2. Take a current production Windows server load, apply all the available service patches and packs to be fair, add Microsoft DNS and run it on a public IP on the DMZ segment, with no third party host, firewall, ACL-enabled filtering router.
3. Take a second server and load OpenBSD or hardened Linux (hardened Gentoo, with PaX/GrSecurity is easy to do and well documented and supported.)
4. Run until you get compromised.
If you're on a well travelled public subnet, you'll start seeing scans almost immediately. It took me six days to have someone return to the windows box and start attacking it. I killed the project at that point by dropping the subnet altogether. The hardened Linux host was repeatedly scanned by numerous hosts and ignored. Granted, it's not a scientific approach in that the bad guys just were not interested in the hardened host, but the real world value is the knowledge of which system they feel is easy enough to break. The black hats know which OS is the brittle one...
So instead of smearing Linux like they used to, there recommending that IT managers actually use metrics and eveluate the platforms. WTF?
Let me help you: The main reasons are:
- Avoiding vendor lock-in. This is a long-term cost reducing strategy, because it increases competition.
- Increasing agility. Many companies are now actually modifying the platfom to meet their needs.
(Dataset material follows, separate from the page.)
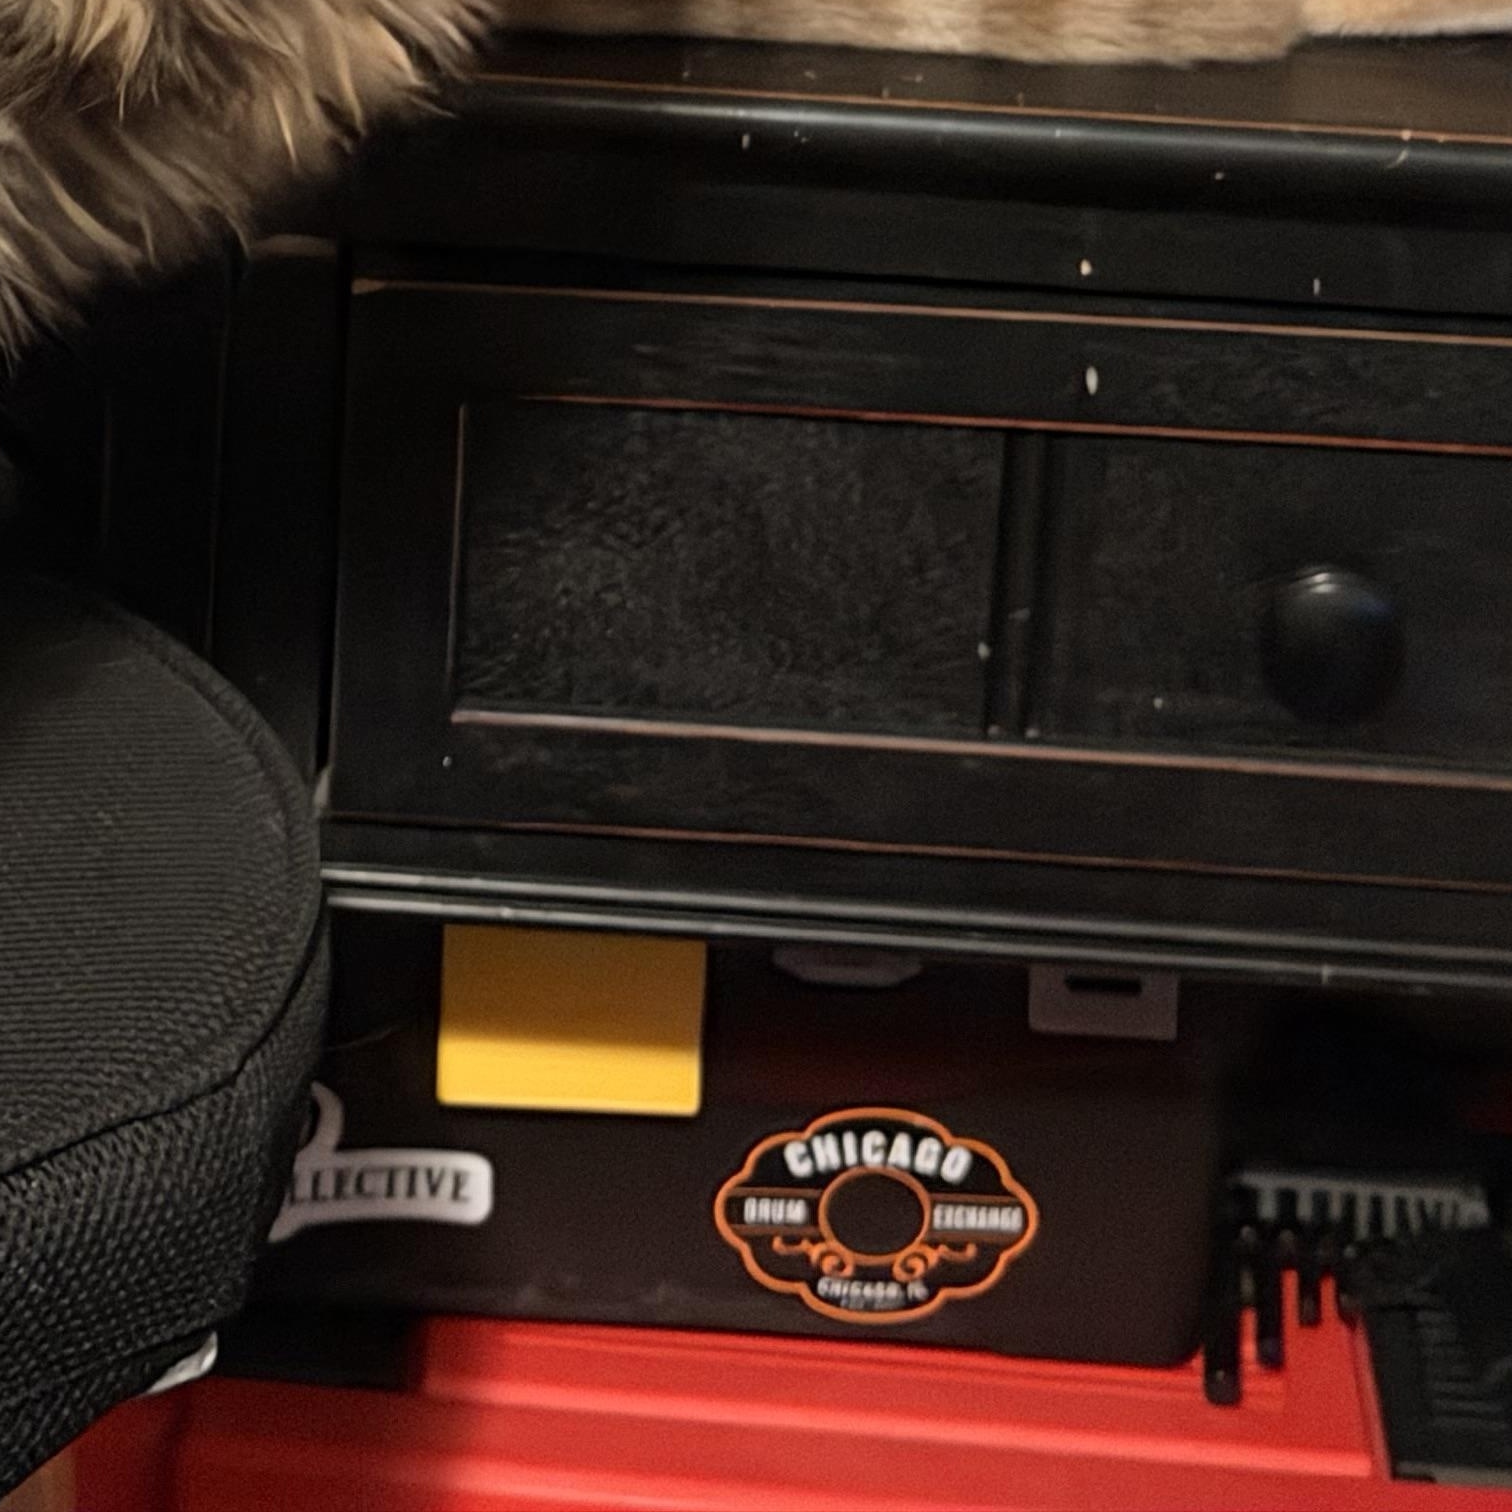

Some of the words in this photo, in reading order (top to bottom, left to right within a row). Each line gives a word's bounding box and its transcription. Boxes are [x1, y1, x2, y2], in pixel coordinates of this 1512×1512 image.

[783, 1129, 973, 1185] CHICAGO
[744, 1196, 808, 1225] DRUM
[933, 1203, 1024, 1232] EXCHANGE
There are different levels of this - many don't involve changing software.
- Reducing licensing costs. This is really a small issue for most businesses.
The problem is that Microsoft cannot compete on the first two points.Show us the money! This is an easy claim to make...
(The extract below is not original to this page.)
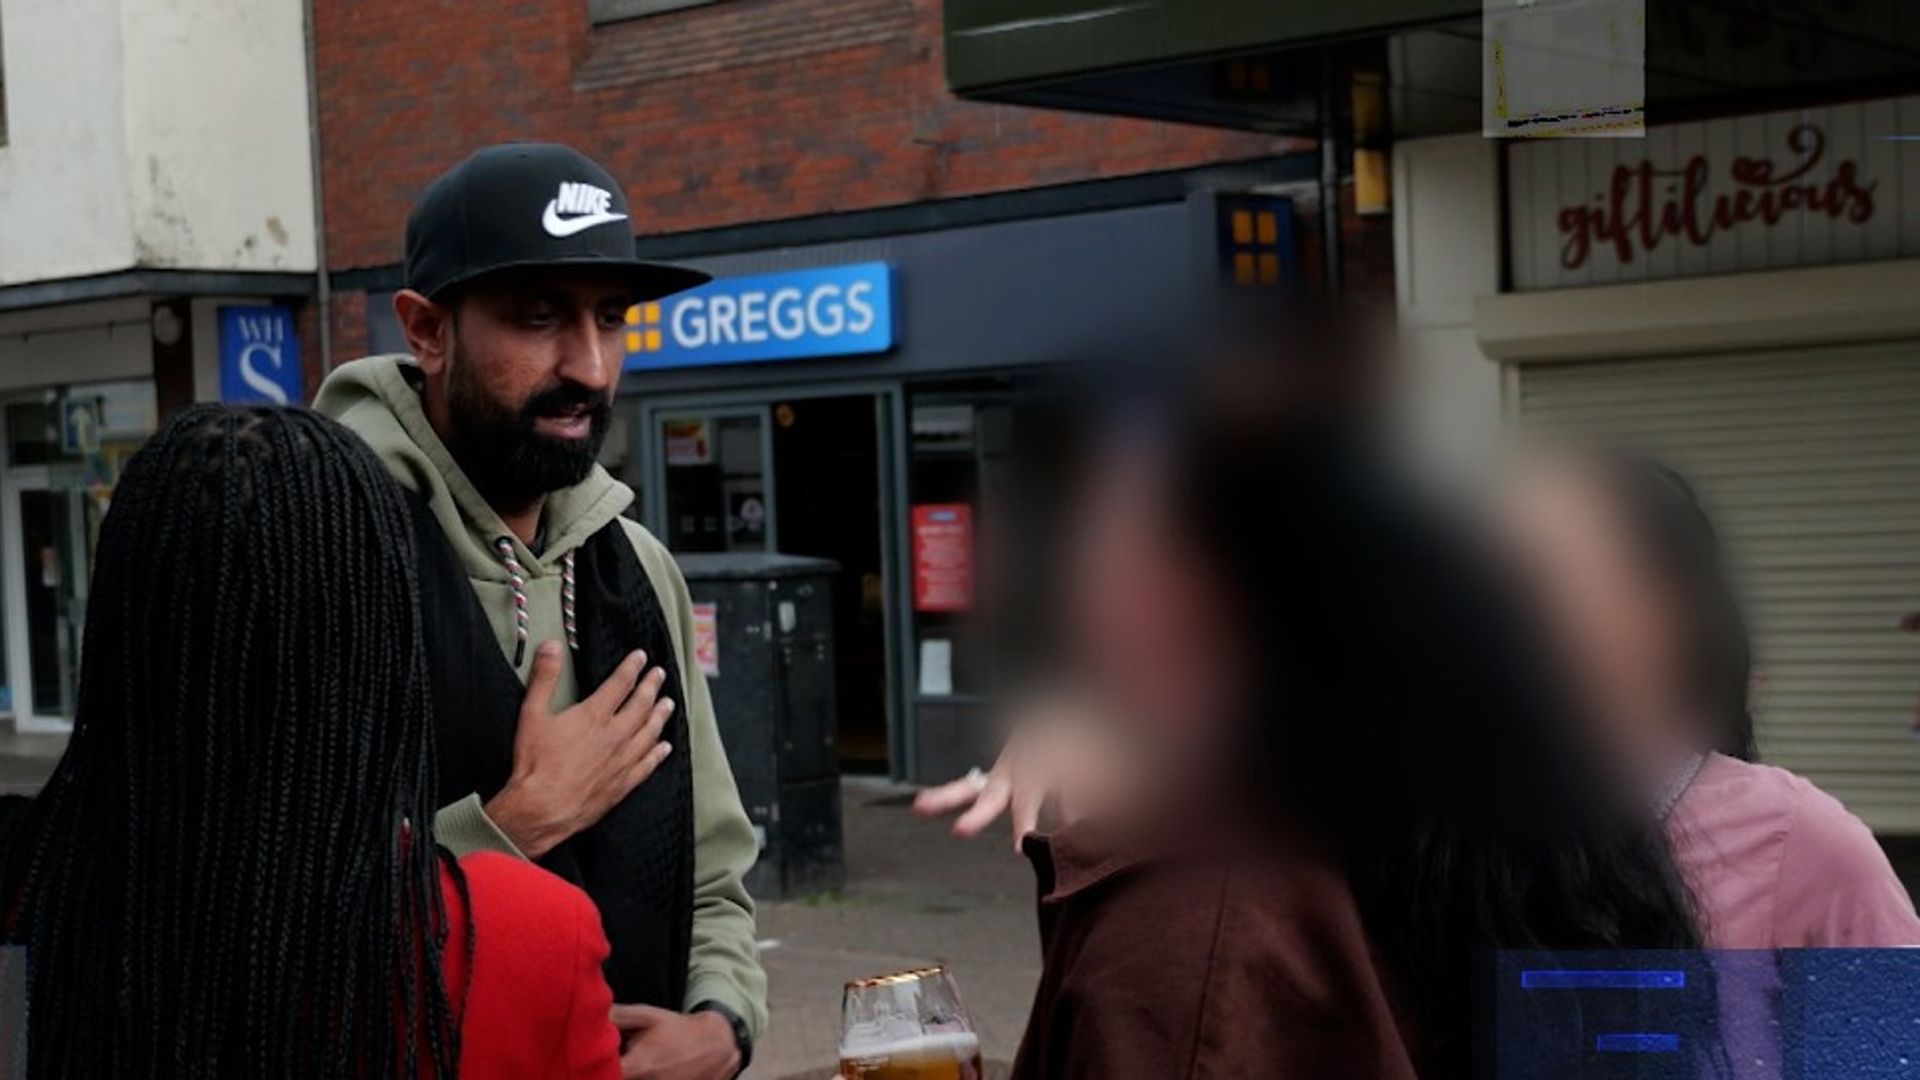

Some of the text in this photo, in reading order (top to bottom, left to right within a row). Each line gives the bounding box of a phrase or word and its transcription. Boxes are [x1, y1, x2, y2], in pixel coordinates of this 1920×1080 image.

[557, 182, 612, 213] NIKE
[238, 316, 284, 341] WH
[672, 281, 873, 348] GREGGS
Bait and switch? "Don't use Linux it's brittle." ... but ... "It's about issues of cost and vendor now."
Has he ever read one of Microsoft's EULAs???! What a dick. That's the choice of the author. Microsoft will choose differently than RedHat. His implying that in europe, software has been hampered because software patents exists, but are unenforceable. It's a shame it doesn't show in the products.Don't give any evidence that Linux actually IS brittle. And it's nonsense. Linux is more agile than any Windows OS.
A little while ago I was called in to teach a Solaris course. I asked the lab admins to install the Solaris Community CD. They were like "Oh, no. We've got a system that works. We don't want to change anything". The fear in their voice was palpable.
I was dumfounded for a second. All I was asking them to do was add a CD's worth of random software. Nothing was even being enabled... then it dawned on me. "Oh. You're used to Windows aren't you? This is Unix. It's actually stable when you add software to it.
Ultimately I had my students add in the software. It was easier. I just mounted the CD image and made it available by NFS. They installed the software and all was well.
The fact that people are so scared of making changes to Windows disgusts me, but I don't think it's going to change. It's part of their FUD campaign. "If WIndows is so bad, what's it going to be like to go to a new system?"
Sometimes boldness is in fashion. Sometimes only the brave will be bold.
A. "From a software perspective, we don't think the patent system is perfect... But when I look at the software industry today, we've been getting a lot of innovation from Microsoft, IBM, Oracle, Adobe, the list goes on..."
A few weeks ago we had an interview from Steve Ballmer saying that Oracle didn't innovate. Seems that MS needs to coordinate their FUD better.